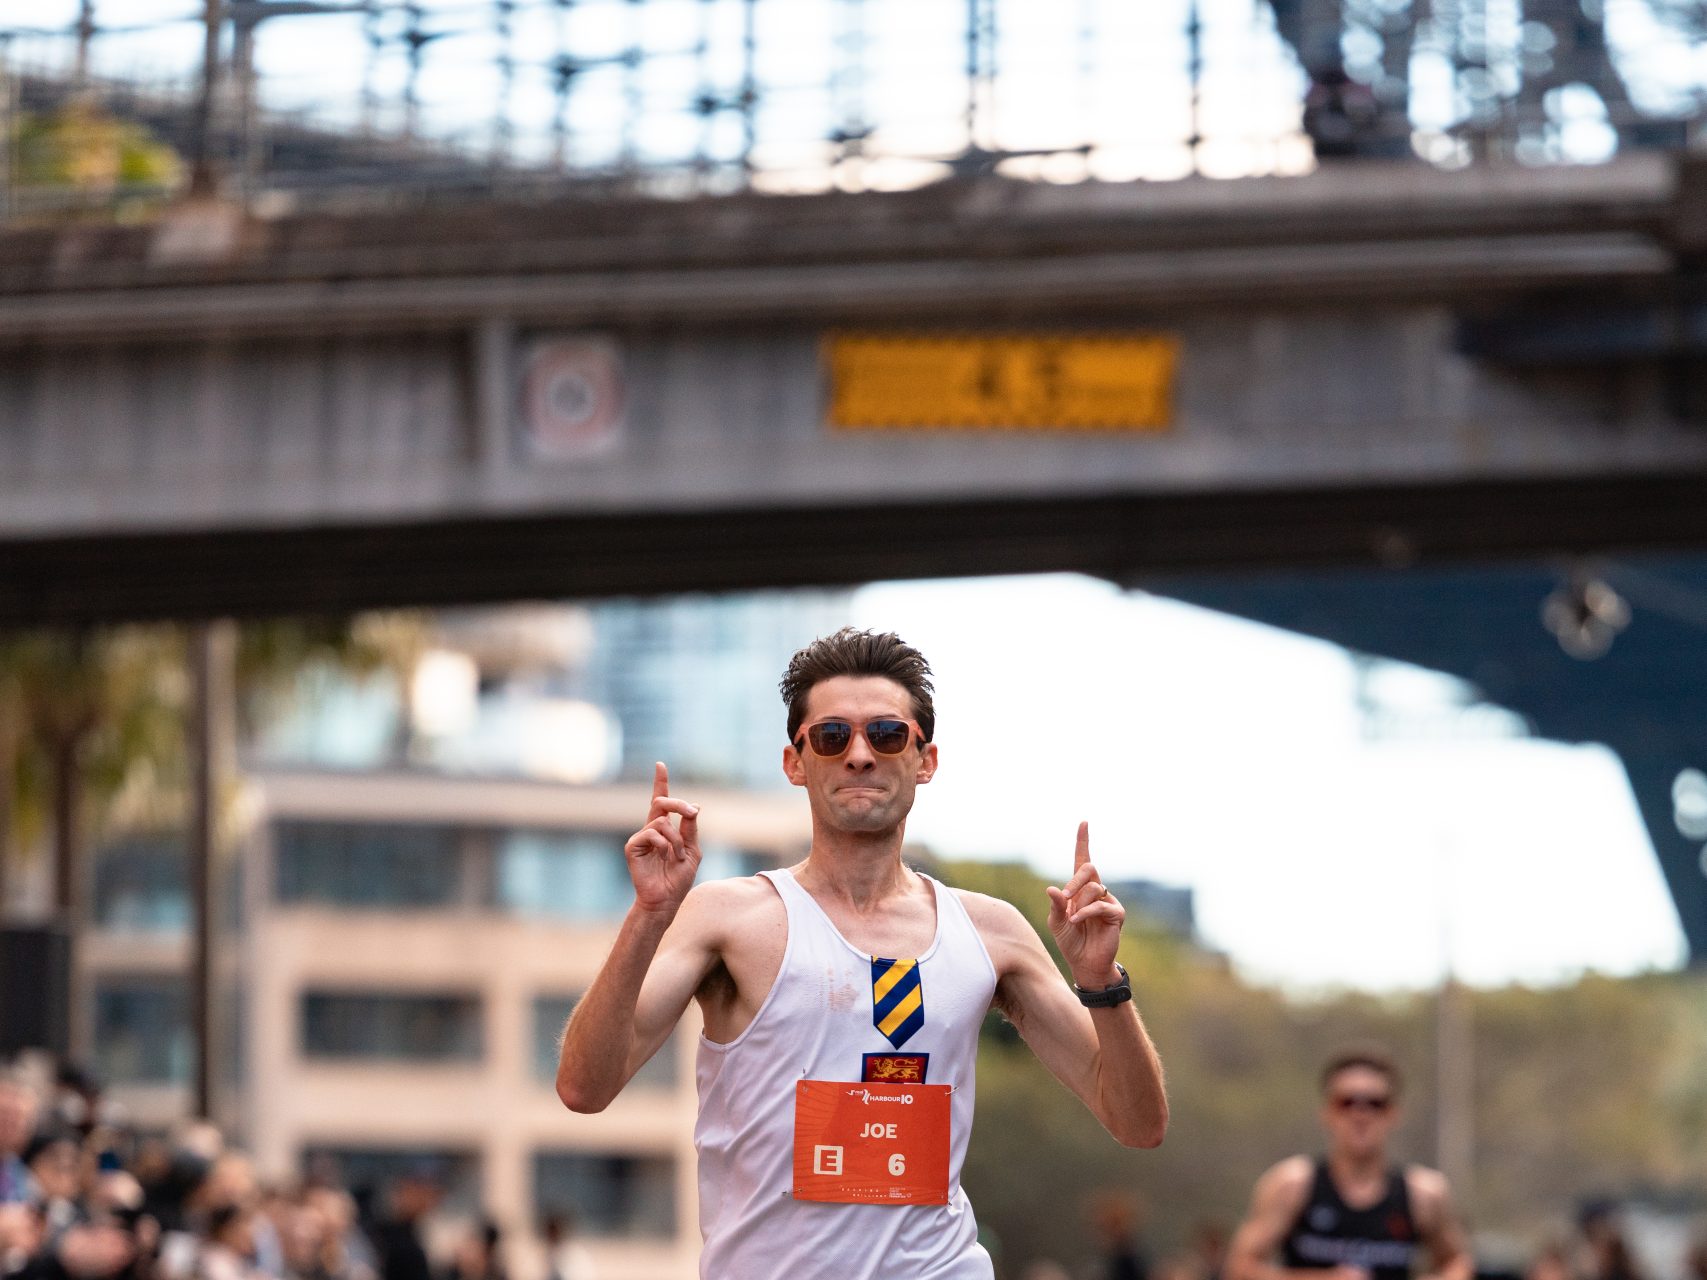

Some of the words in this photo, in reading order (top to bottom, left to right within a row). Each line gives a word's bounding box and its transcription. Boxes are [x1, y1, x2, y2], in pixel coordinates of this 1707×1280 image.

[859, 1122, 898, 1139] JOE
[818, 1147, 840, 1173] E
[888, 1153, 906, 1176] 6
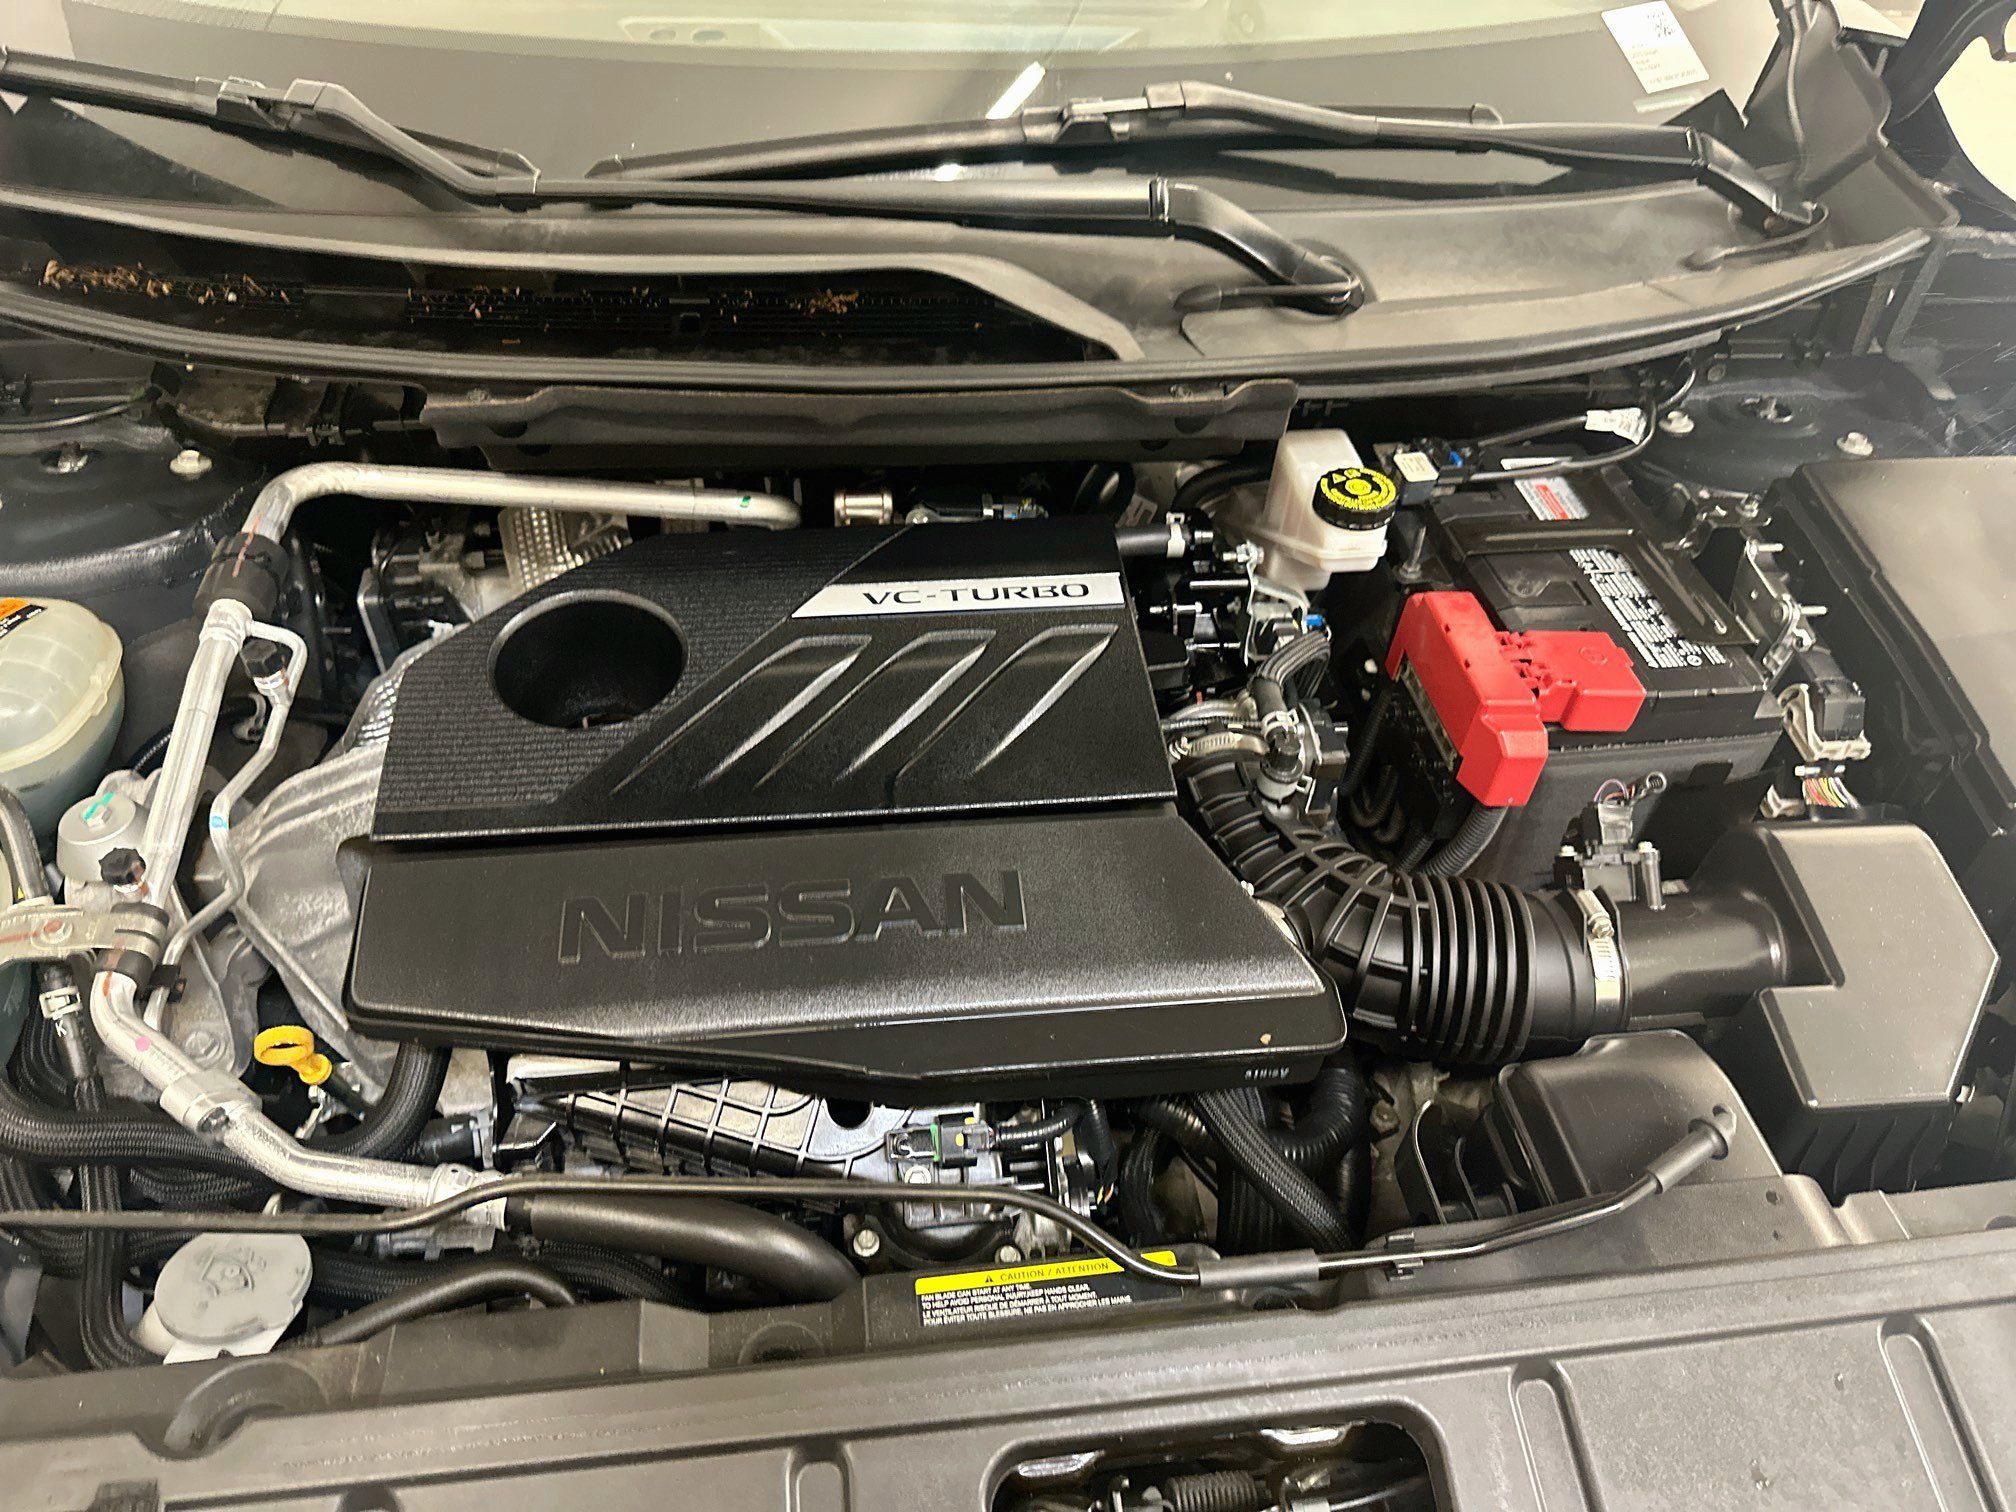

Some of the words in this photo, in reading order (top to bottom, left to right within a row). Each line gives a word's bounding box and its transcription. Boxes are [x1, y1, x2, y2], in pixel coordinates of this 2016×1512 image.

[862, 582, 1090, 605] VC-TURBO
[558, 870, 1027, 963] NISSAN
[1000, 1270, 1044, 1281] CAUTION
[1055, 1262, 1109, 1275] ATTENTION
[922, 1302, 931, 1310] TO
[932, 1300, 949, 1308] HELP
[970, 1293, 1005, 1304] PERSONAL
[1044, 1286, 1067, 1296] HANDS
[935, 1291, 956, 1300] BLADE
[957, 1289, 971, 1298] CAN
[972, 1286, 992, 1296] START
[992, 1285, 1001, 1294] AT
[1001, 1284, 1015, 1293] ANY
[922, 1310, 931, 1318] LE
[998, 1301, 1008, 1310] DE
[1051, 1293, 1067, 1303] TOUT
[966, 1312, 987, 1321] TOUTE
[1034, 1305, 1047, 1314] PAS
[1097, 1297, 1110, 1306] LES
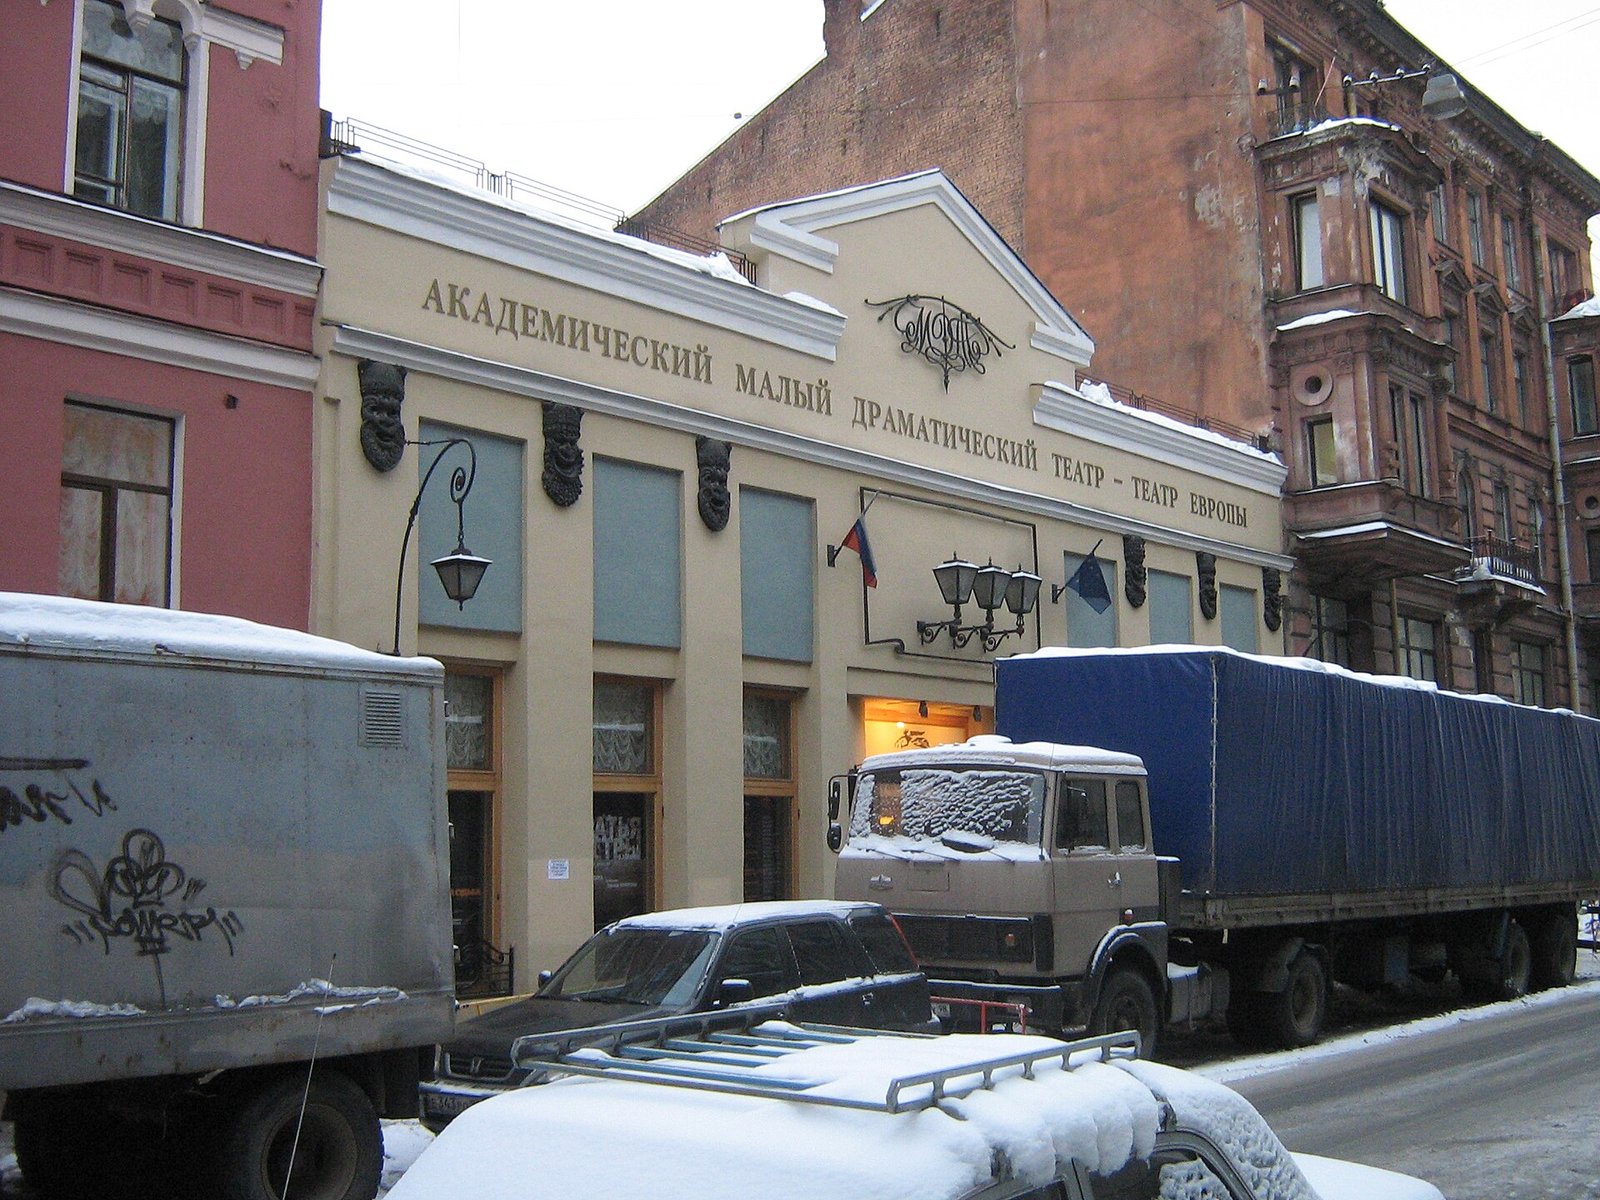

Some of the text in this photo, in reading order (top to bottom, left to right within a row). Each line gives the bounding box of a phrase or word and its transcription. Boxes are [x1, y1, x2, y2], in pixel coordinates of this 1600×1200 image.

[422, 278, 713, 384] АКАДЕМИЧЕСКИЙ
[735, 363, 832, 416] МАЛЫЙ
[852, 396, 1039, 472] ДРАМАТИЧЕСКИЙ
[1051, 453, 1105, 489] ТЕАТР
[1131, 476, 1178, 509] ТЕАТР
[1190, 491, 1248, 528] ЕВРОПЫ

EXERCISE GOAL
The expected output is the full data above, reproduced exactly with no images.

YOUR SOLUTION
Some of the words in this photo, in reading order (top to bottom, left to right within a row). Each line gives a word's bounding box and its transcription. Boxes are [x1, y1, x2, y2], in pixel coordinates of this 1707×1280 image.

[859, 1122, 898, 1139] JOE
[818, 1147, 840, 1173] E
[888, 1153, 906, 1176] 6

Some of the words in this photo, in reading order (top to bottom, left to right within a row). Each line gives a word's bounding box and its transcription. Boxes are [x1, y1, x2, y2], in pixel coordinates of this 2016×1512 image.

[862, 582, 1090, 605] VC-TURBO
[558, 870, 1027, 963] NISSAN
[1000, 1270, 1044, 1281] CAUTION
[1055, 1262, 1109, 1275] ATTENTION
[922, 1302, 931, 1310] TO
[932, 1300, 949, 1308] HELP
[970, 1293, 1005, 1304] PERSONAL
[1044, 1286, 1067, 1296] HANDS
[935, 1291, 956, 1300] BLADE
[957, 1289, 971, 1298] CAN
[972, 1286, 992, 1296] START
[992, 1285, 1001, 1294] AT
[1001, 1284, 1015, 1293] ANY
[922, 1310, 931, 1318] LE
[998, 1301, 1008, 1310] DE
[1051, 1293, 1067, 1303] TOUT
[966, 1312, 987, 1321] TOUTE
[1034, 1305, 1047, 1314] PAS
[1097, 1297, 1110, 1306] LES

Some of the text in this photo, in reading order (top to bottom, left to right within a row). Each line gives the bounding box of a phrase or word and its transcription. Boxes are [x1, y1, x2, y2], in pixel coordinates of this 1600×1200 image.

[422, 278, 713, 384] АКАДЕМИЧЕСКИЙ
[735, 363, 832, 416] МАЛЫЙ
[852, 396, 1039, 472] ДРАМАТИЧЕСКИЙ
[1051, 453, 1105, 489] ТЕАТР
[1131, 476, 1178, 509] ТЕАТР
[1190, 491, 1248, 528] ЕВРОПЫ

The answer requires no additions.